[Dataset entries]
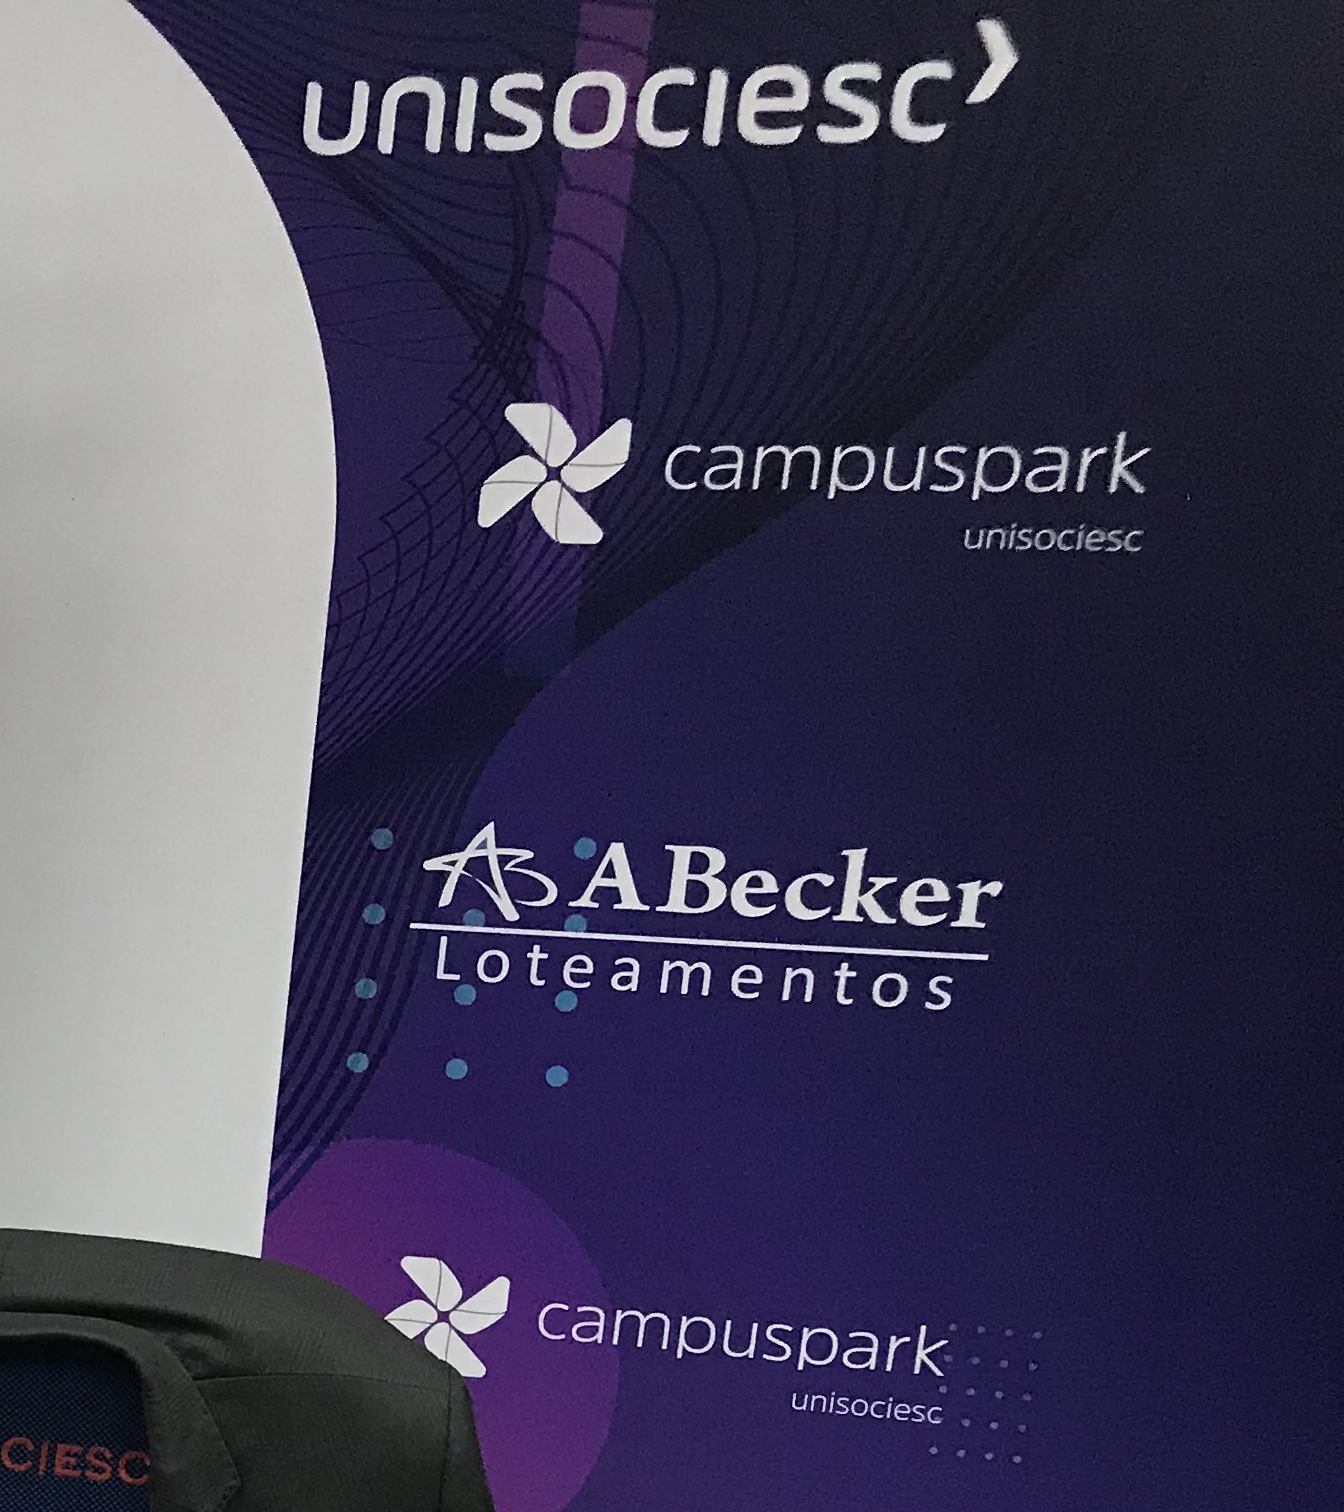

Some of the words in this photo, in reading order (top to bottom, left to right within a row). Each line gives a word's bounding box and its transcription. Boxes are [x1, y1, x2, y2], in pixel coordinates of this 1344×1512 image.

[662, 430, 1152, 501] campuspark
[961, 521, 1144, 554] unisociesc
[434, 934, 956, 1011] Loteamentos
[536, 1298, 950, 1378] campuspark
[790, 1388, 944, 1426] unisociesc
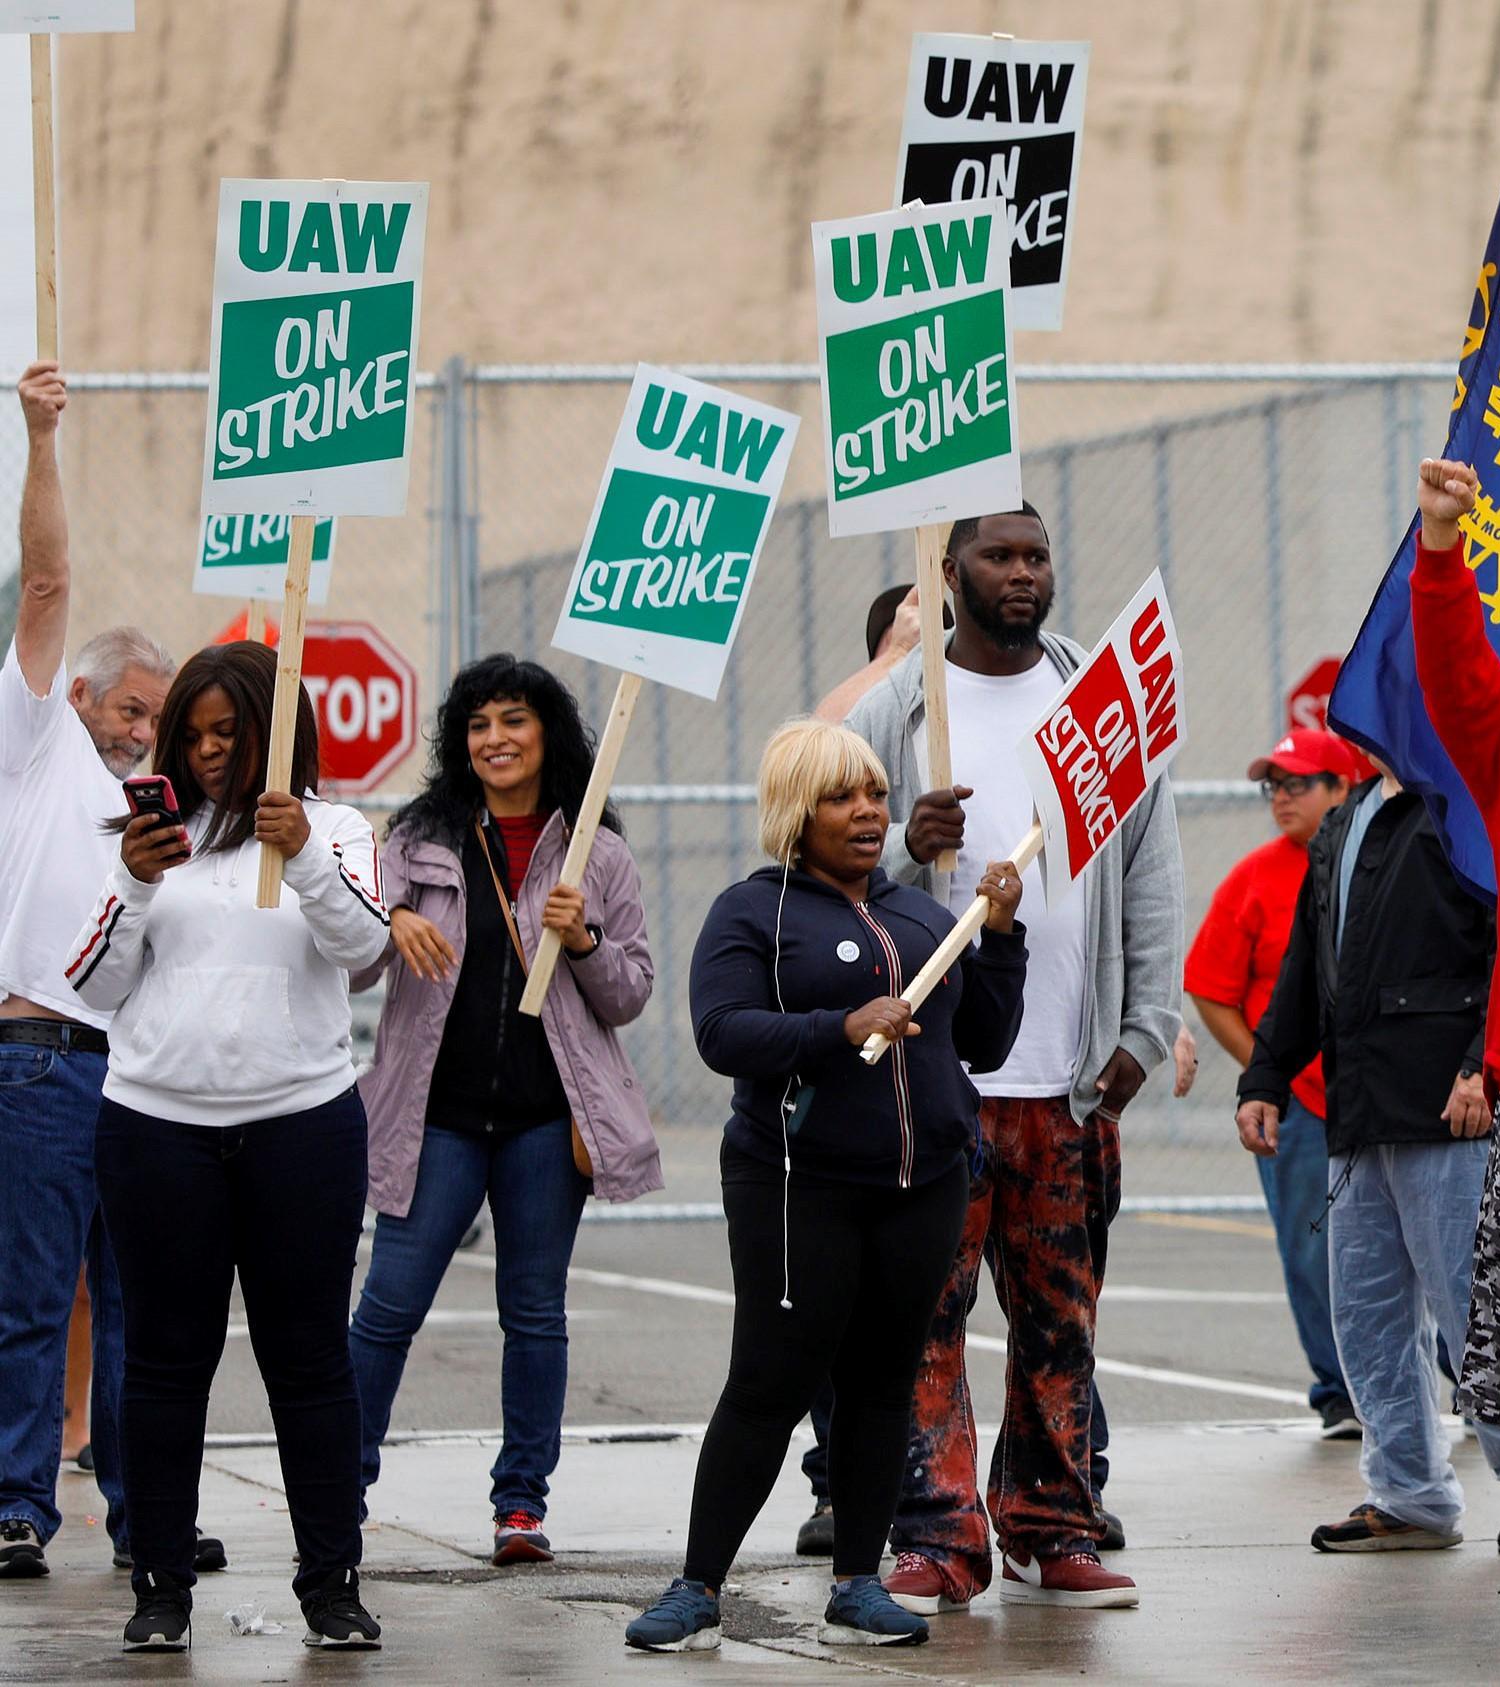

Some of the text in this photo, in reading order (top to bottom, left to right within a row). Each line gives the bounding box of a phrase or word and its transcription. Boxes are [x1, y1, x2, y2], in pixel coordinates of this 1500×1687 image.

[924, 56, 1074, 123] UAW
[951, 146, 1020, 201] ON
[239, 200, 411, 273] UAW
[831, 215, 991, 303] UAW
[275, 300, 351, 380] ON
[879, 314, 946, 398] ON
[217, 349, 408, 472] STRIKE
[636, 385, 784, 482] UAW
[834, 353, 1006, 492] STRIKE
[206, 514, 331, 561] STRI
[642, 494, 715, 550] ON
[579, 551, 751, 614] STRIKE
[1130, 598, 1178, 763] UAW
[1095, 700, 1136, 774] ON
[1041, 704, 1117, 851] STRIKE
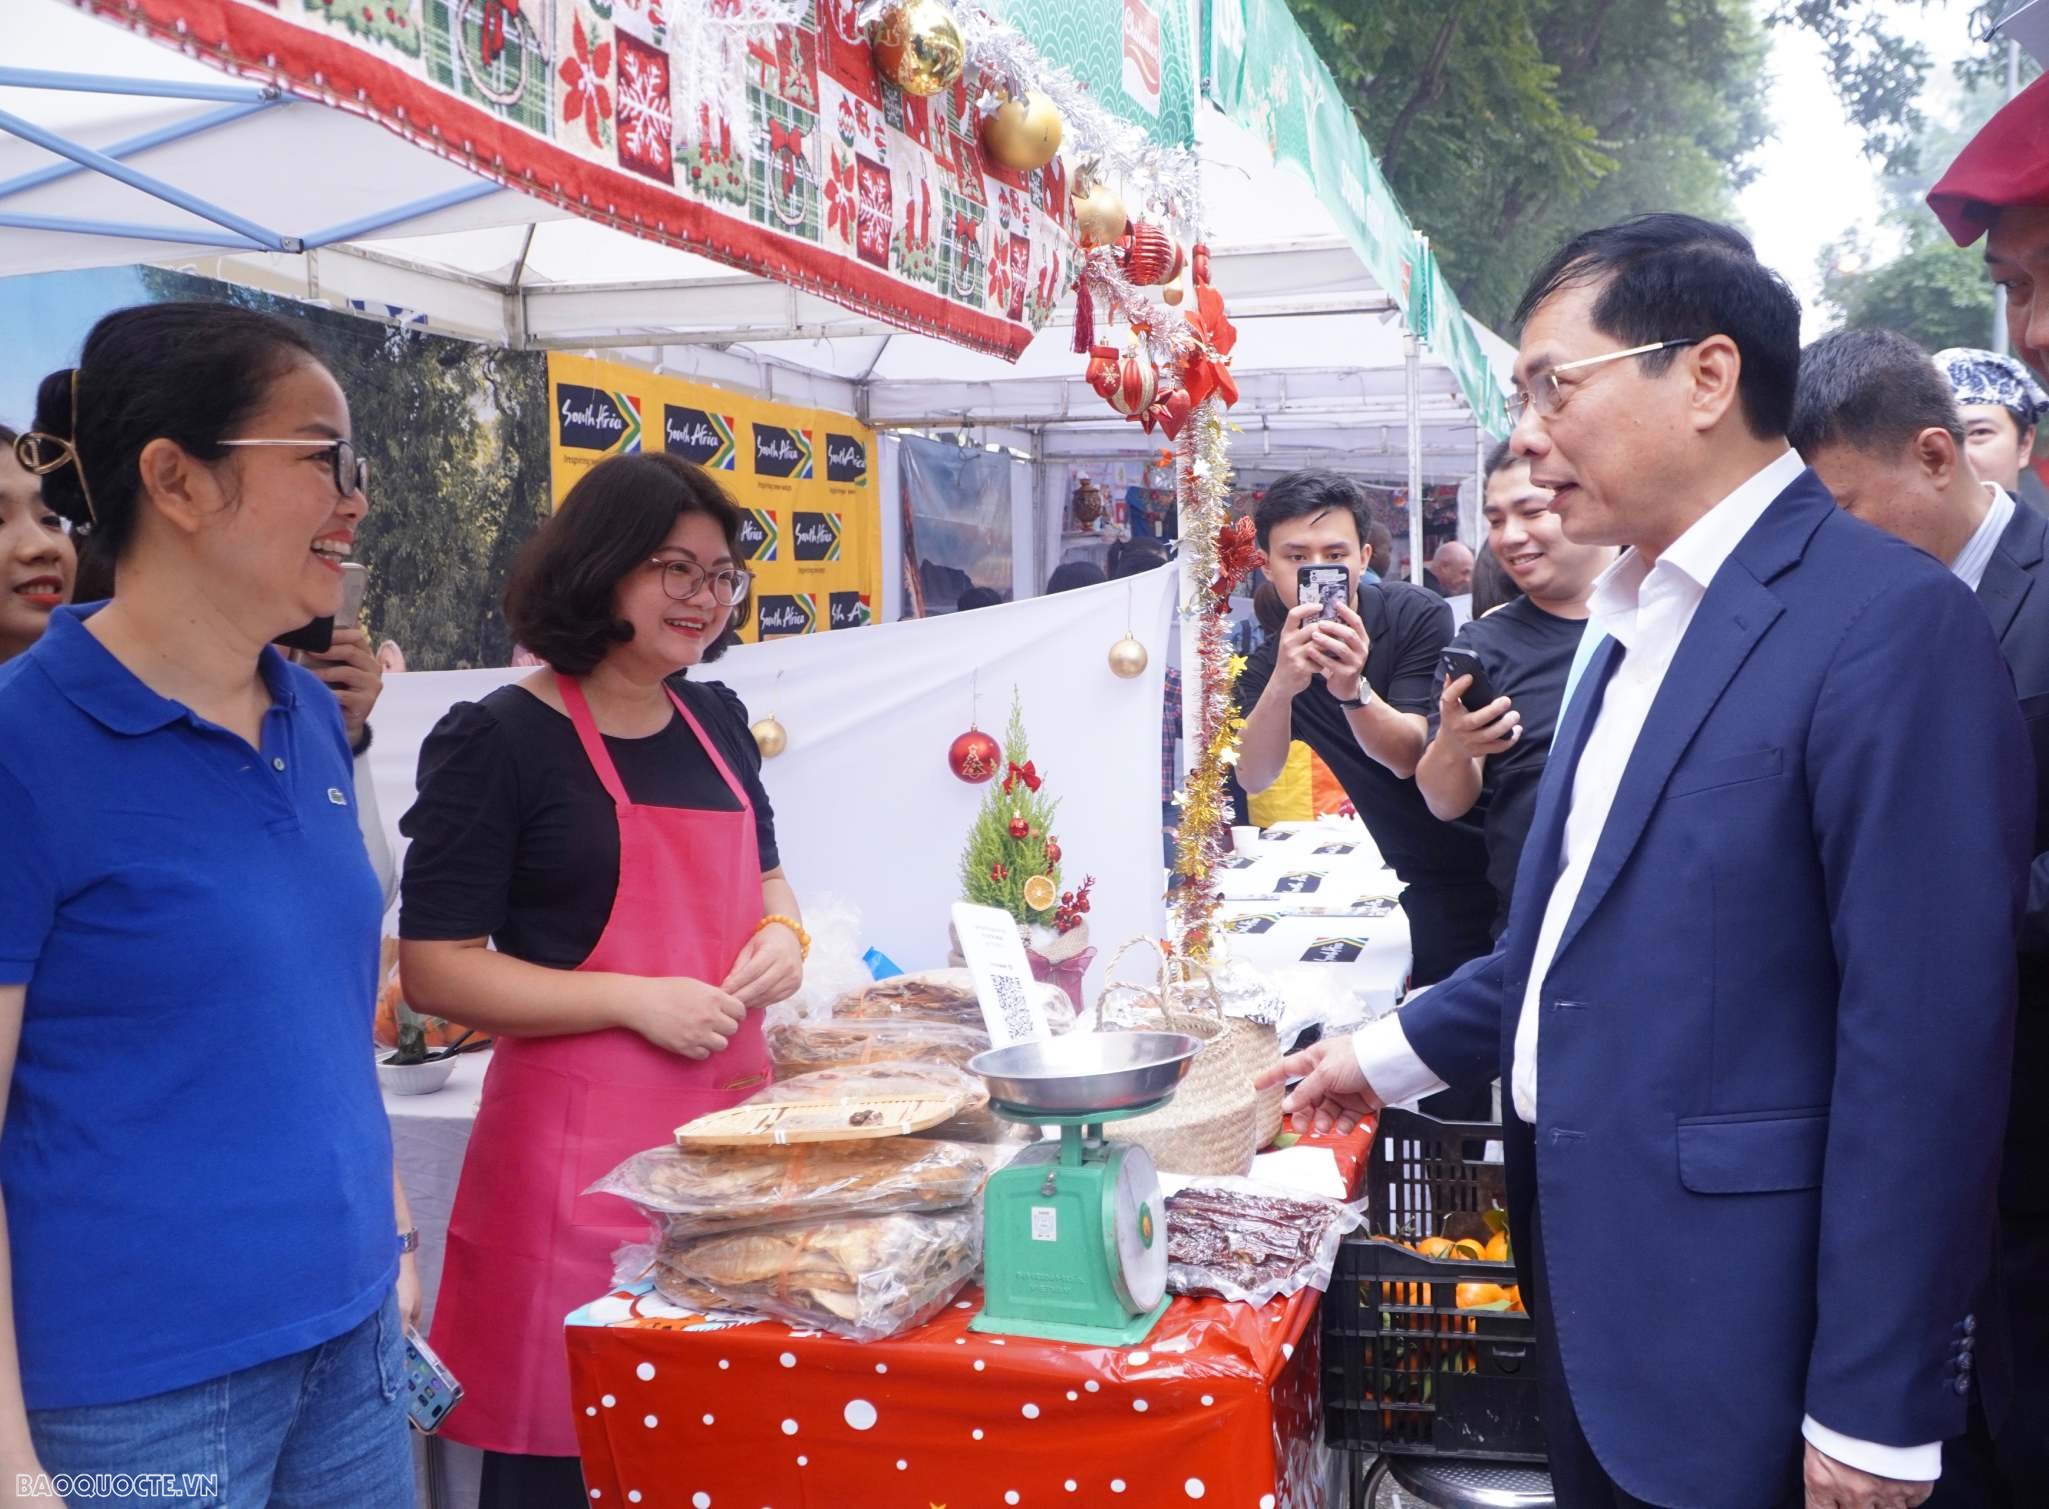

**TO DO**.
Here the lines from the one with "Some of the text" through the last line of the data above need to be repeated exactly, both included, and any picture omitted.

**RESULT BELOW**.
Some of the text in this photo, in reading order (top to bottom, left to right within a row). Each line gives the bounding box of a phrase or word and its transcription. Boxes are [x1, y1, x2, y2], in pixel coordinates of this 1500×1687 image.

[924, 56, 1074, 123] UAW
[951, 146, 1020, 201] ON
[239, 200, 411, 273] UAW
[831, 215, 991, 303] UAW
[275, 300, 351, 380] ON
[879, 314, 946, 398] ON
[217, 349, 408, 472] STRIKE
[636, 385, 784, 482] UAW
[834, 353, 1006, 492] STRIKE
[206, 514, 331, 561] STRI
[642, 494, 715, 550] ON
[579, 551, 751, 614] STRIKE
[1130, 598, 1178, 763] UAW
[1095, 700, 1136, 774] ON
[1041, 704, 1117, 851] STRIKE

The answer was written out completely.